§ **GOAL OF THE EXERCISE**: Without including any pictures, please copy every entry below exactly.

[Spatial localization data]
::::

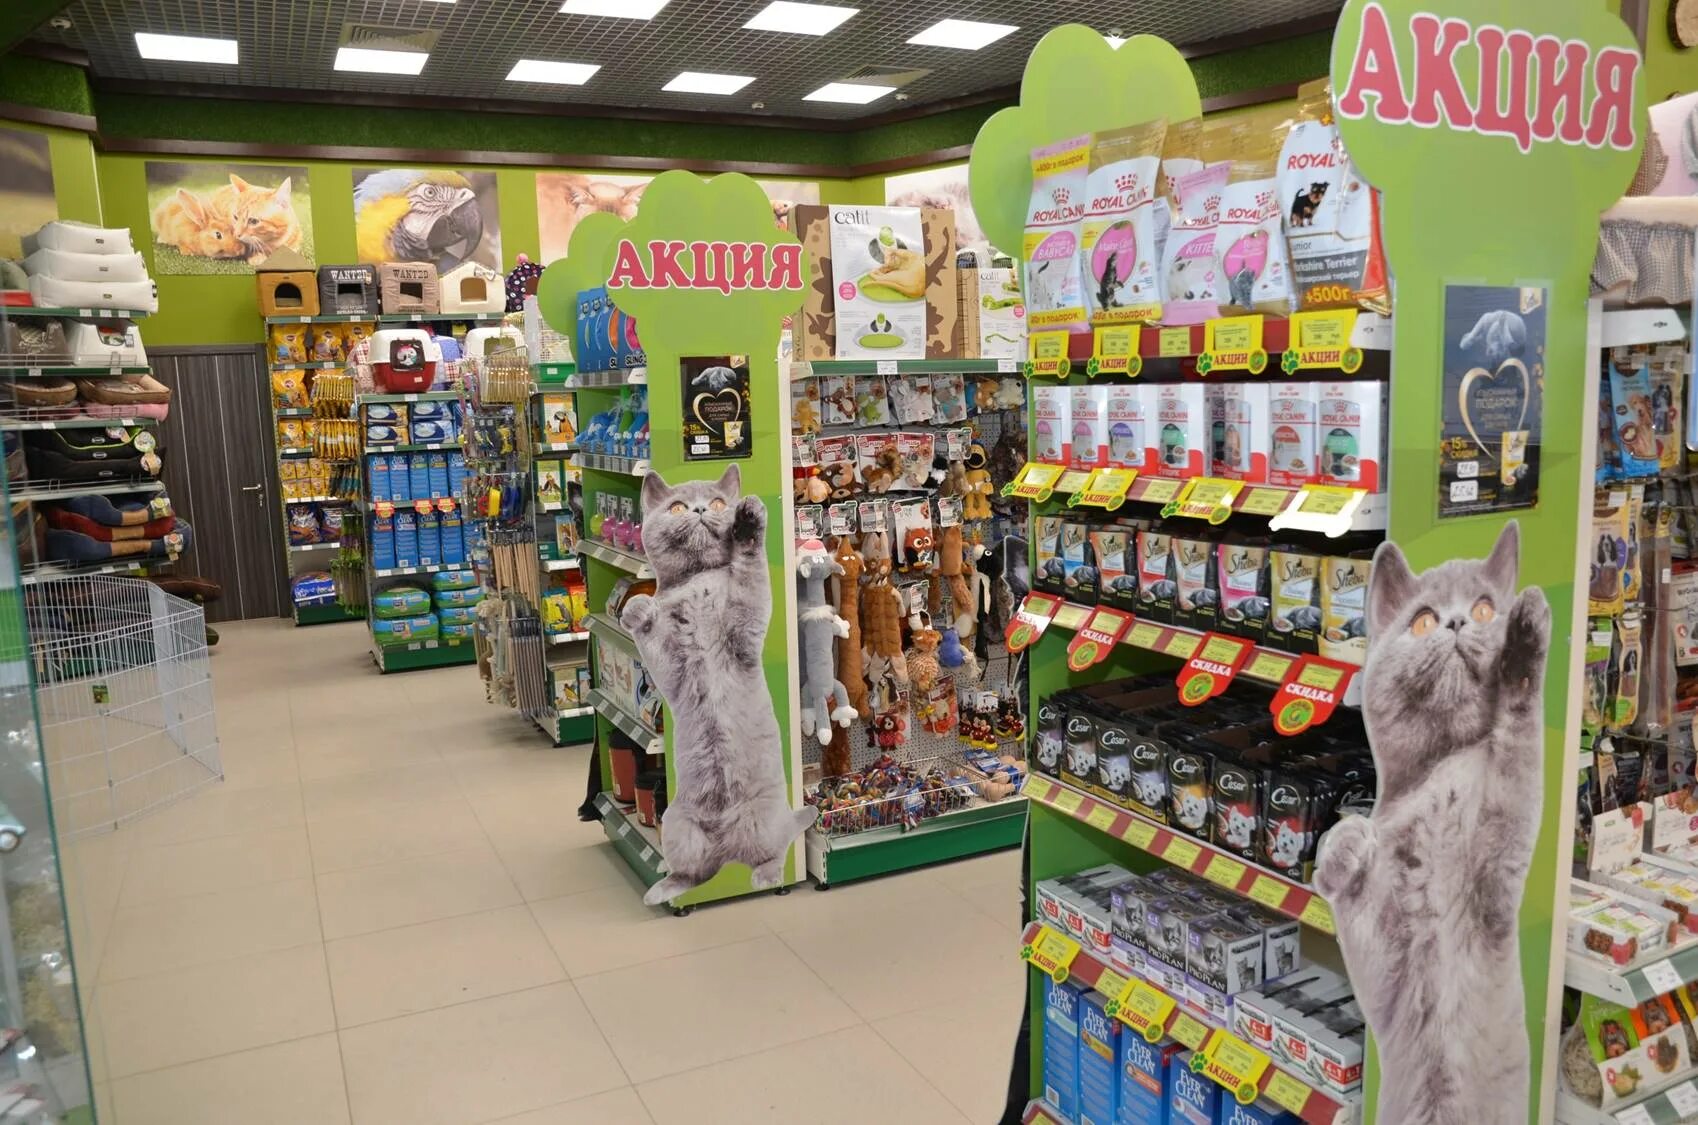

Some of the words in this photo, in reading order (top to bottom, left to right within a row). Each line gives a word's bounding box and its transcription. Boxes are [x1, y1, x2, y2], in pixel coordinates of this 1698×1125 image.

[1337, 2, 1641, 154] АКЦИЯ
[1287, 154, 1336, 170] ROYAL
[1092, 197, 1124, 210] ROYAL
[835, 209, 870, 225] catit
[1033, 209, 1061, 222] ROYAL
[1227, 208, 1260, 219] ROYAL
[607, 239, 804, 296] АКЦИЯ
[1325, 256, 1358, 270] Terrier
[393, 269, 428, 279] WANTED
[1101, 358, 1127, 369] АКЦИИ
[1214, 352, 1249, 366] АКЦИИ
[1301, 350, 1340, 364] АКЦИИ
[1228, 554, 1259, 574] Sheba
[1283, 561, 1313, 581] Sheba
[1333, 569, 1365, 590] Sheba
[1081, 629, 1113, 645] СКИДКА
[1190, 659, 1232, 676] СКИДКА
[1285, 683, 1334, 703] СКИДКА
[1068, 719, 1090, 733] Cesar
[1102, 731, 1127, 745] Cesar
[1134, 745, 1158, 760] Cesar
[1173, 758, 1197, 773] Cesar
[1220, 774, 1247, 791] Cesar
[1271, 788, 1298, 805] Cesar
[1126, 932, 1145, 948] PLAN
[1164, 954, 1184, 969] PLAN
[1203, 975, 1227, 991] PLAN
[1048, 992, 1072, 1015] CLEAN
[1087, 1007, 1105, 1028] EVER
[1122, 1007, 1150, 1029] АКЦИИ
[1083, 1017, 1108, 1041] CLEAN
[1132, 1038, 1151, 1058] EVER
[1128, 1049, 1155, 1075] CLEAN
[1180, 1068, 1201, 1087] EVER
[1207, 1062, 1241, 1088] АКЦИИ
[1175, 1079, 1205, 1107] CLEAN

::::

§ **TASK SOLUTION**:
Some of the words in this photo, in reading order (top to bottom, left to right within a row). Each line gives a word's bounding box and its transcription. Boxes are [x1, y1, x2, y2], in pixel coordinates of this 1698×1125 image.

[1337, 2, 1641, 154] АКЦИЯ
[1287, 154, 1336, 170] ROYAL
[1092, 197, 1124, 210] ROYAL
[835, 209, 870, 225] catit
[1033, 209, 1061, 222] ROYAL
[1227, 208, 1260, 219] ROYAL
[607, 239, 804, 296] АКЦИЯ
[1325, 256, 1358, 270] Terrier
[393, 269, 428, 279] WANTED
[1101, 358, 1127, 369] АКЦИИ
[1214, 352, 1249, 366] АКЦИИ
[1301, 350, 1340, 364] АКЦИИ
[1228, 554, 1259, 574] Sheba
[1283, 561, 1313, 581] Sheba
[1333, 569, 1365, 590] Sheba
[1081, 629, 1113, 645] СКИДКА
[1190, 659, 1232, 676] СКИДКА
[1285, 683, 1334, 703] СКИДКА
[1068, 719, 1090, 733] Cesar
[1102, 731, 1127, 745] Cesar
[1134, 745, 1158, 760] Cesar
[1173, 758, 1197, 773] Cesar
[1220, 774, 1247, 791] Cesar
[1271, 788, 1298, 805] Cesar
[1126, 932, 1145, 948] PLAN
[1164, 954, 1184, 969] PLAN
[1203, 975, 1227, 991] PLAN
[1048, 992, 1072, 1015] CLEAN
[1087, 1007, 1105, 1028] EVER
[1122, 1007, 1150, 1029] АКЦИИ
[1083, 1017, 1108, 1041] CLEAN
[1132, 1038, 1151, 1058] EVER
[1128, 1049, 1155, 1075] CLEAN
[1180, 1068, 1201, 1087] EVER
[1207, 1062, 1241, 1088] АКЦИИ
[1175, 1079, 1205, 1107] CLEAN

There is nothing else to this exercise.